[EXERCISE INPUTS Boundary: Start]

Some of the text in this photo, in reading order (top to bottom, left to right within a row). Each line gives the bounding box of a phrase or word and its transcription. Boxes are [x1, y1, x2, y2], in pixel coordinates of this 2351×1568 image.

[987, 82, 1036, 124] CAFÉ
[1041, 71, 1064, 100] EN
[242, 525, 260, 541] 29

[EXERCISE INPUTS Boundary: End]
[EXERCISE INPUTS Boundary: Start]

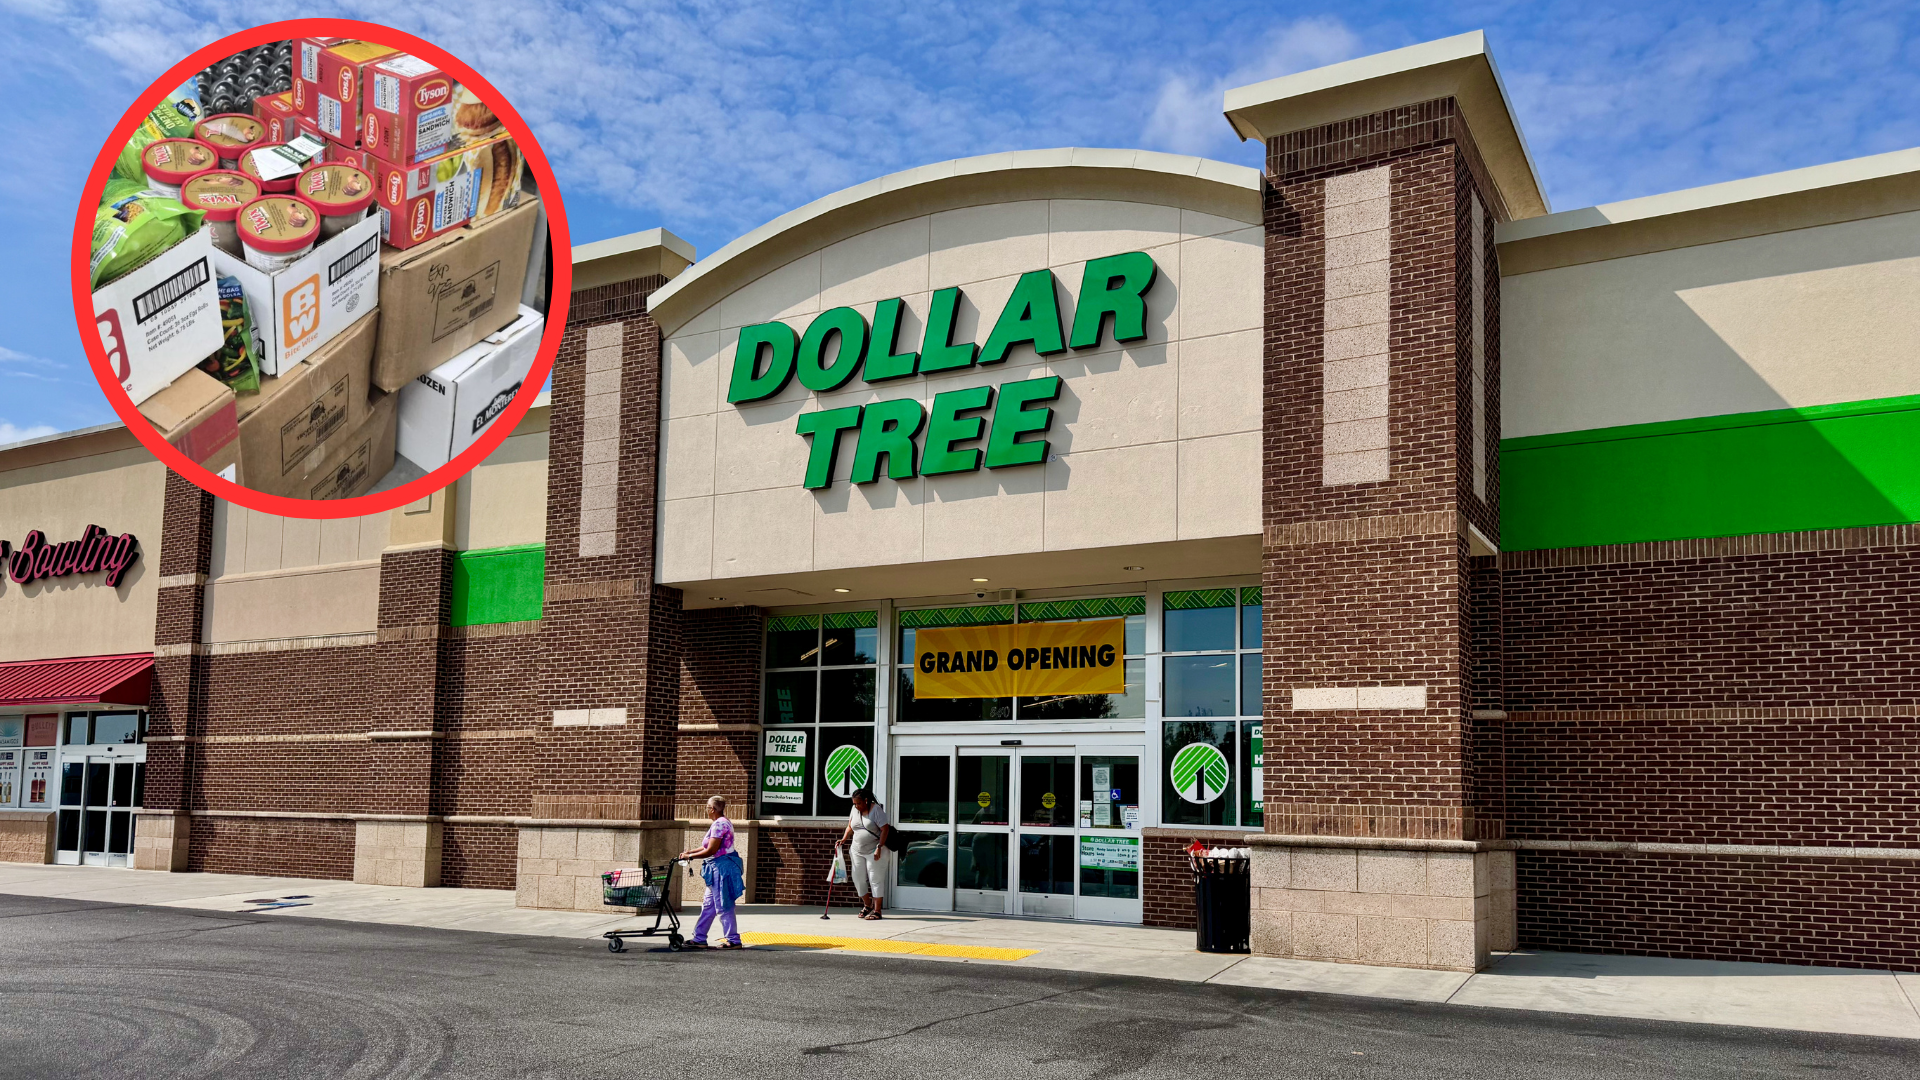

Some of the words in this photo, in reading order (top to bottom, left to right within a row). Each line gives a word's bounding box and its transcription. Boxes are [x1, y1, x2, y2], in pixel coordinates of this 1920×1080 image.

[EXERCISE INPUTS Boundary: End]
[EXERCISE INPUTS Boundary: Start]

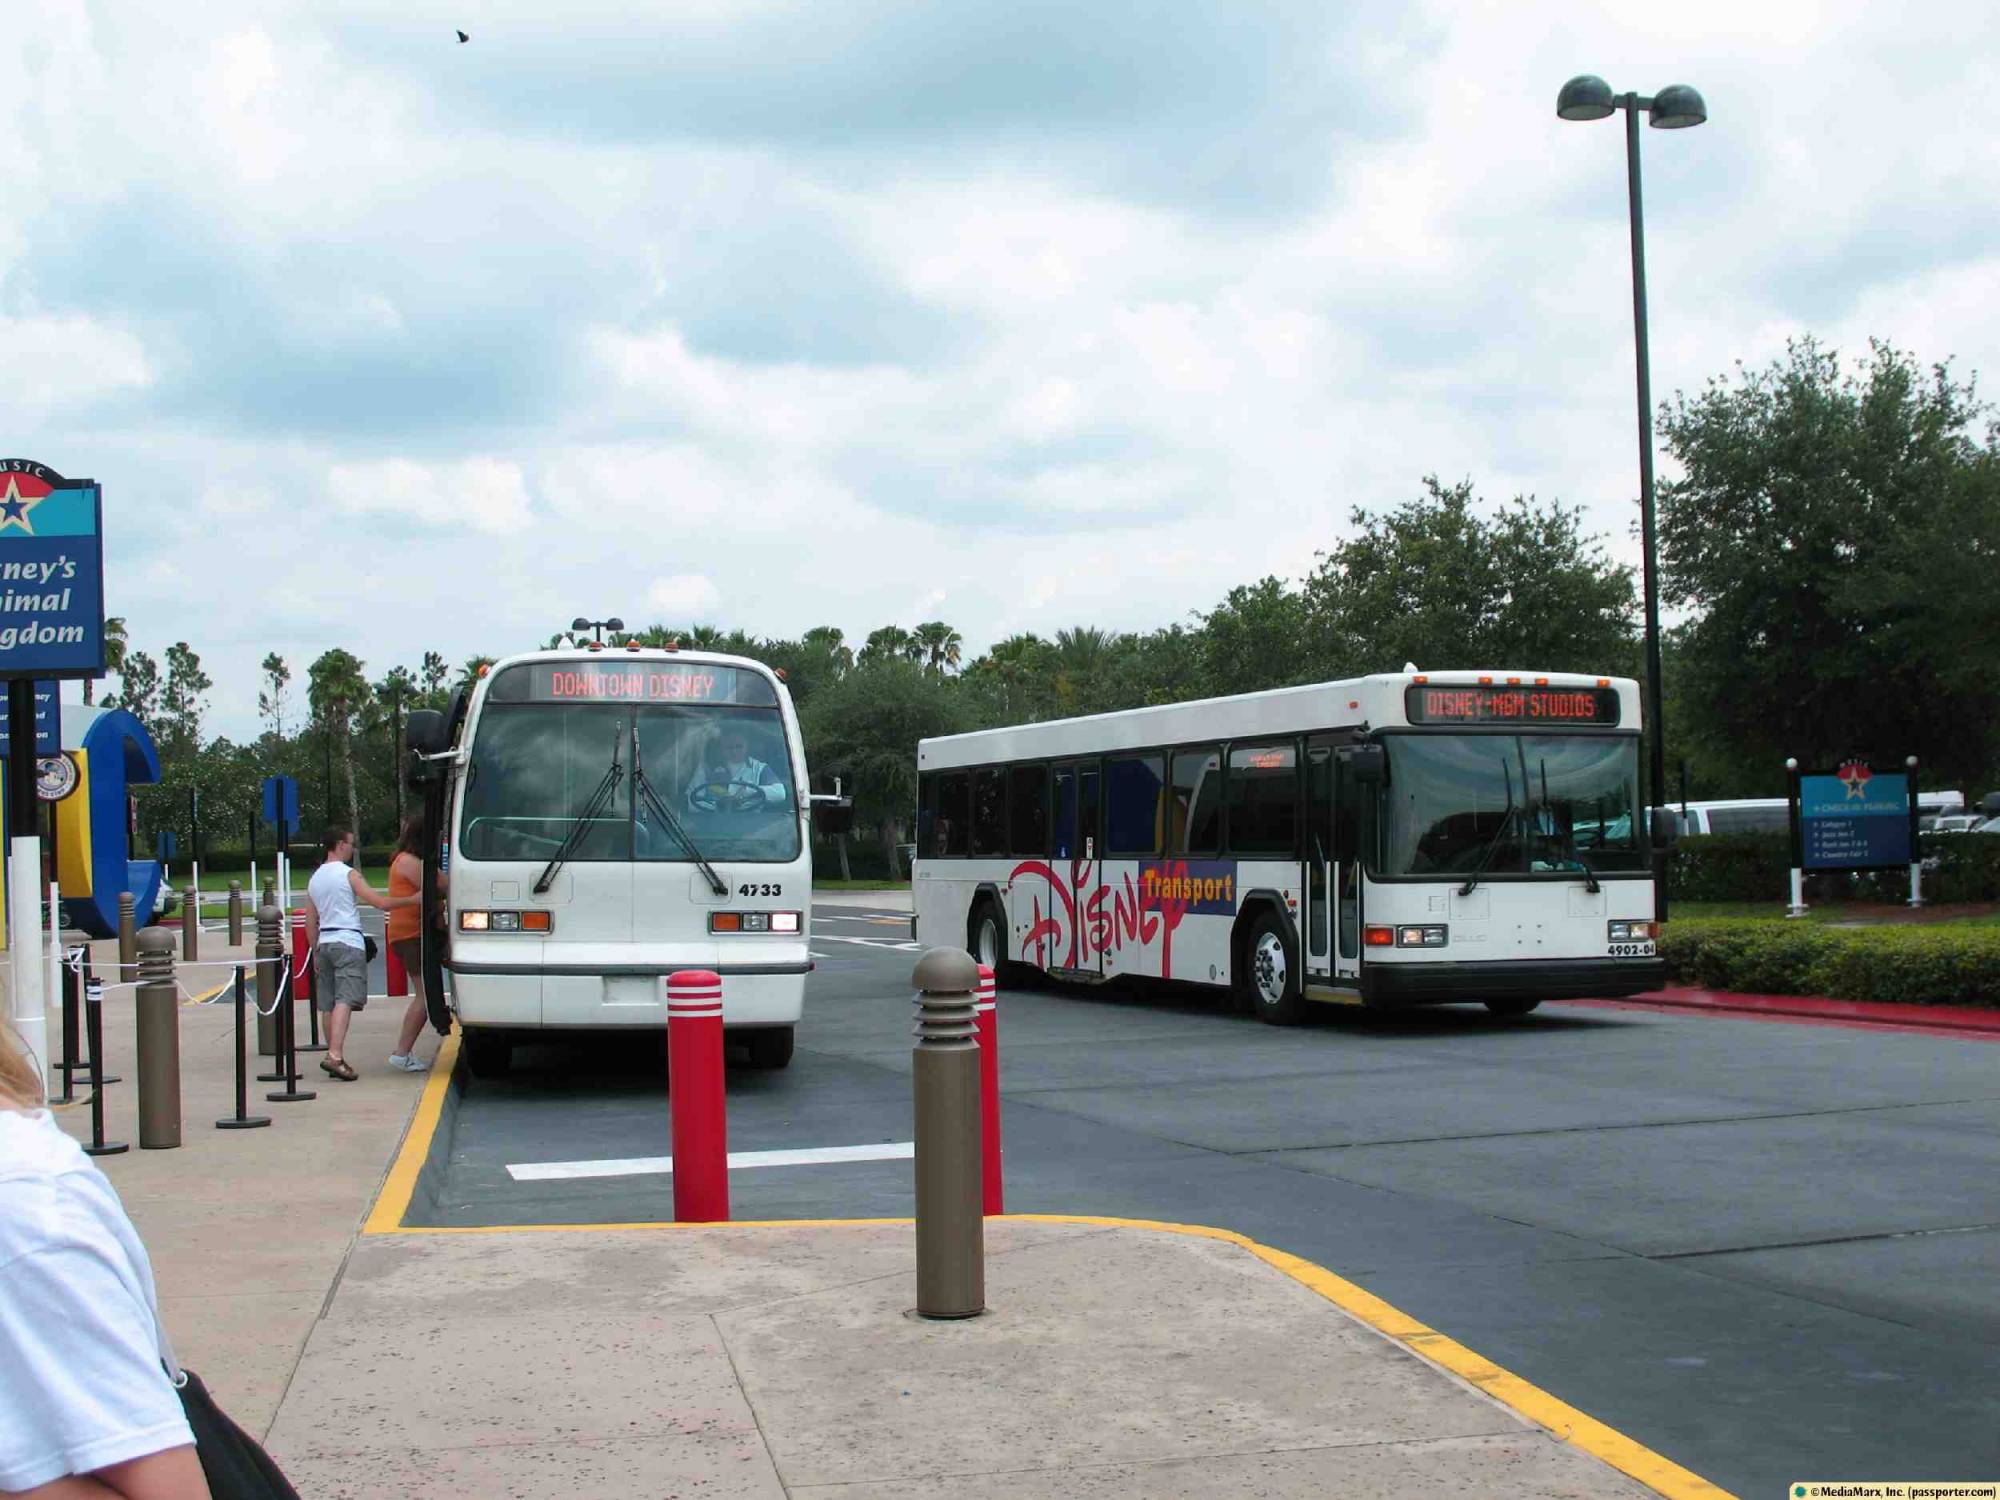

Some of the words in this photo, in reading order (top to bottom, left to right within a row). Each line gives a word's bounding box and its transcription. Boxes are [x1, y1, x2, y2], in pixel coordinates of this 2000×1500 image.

[EXERCISE INPUTS Boundary: End]

Using the material, count every line where the word "words" appears and give only the number.

2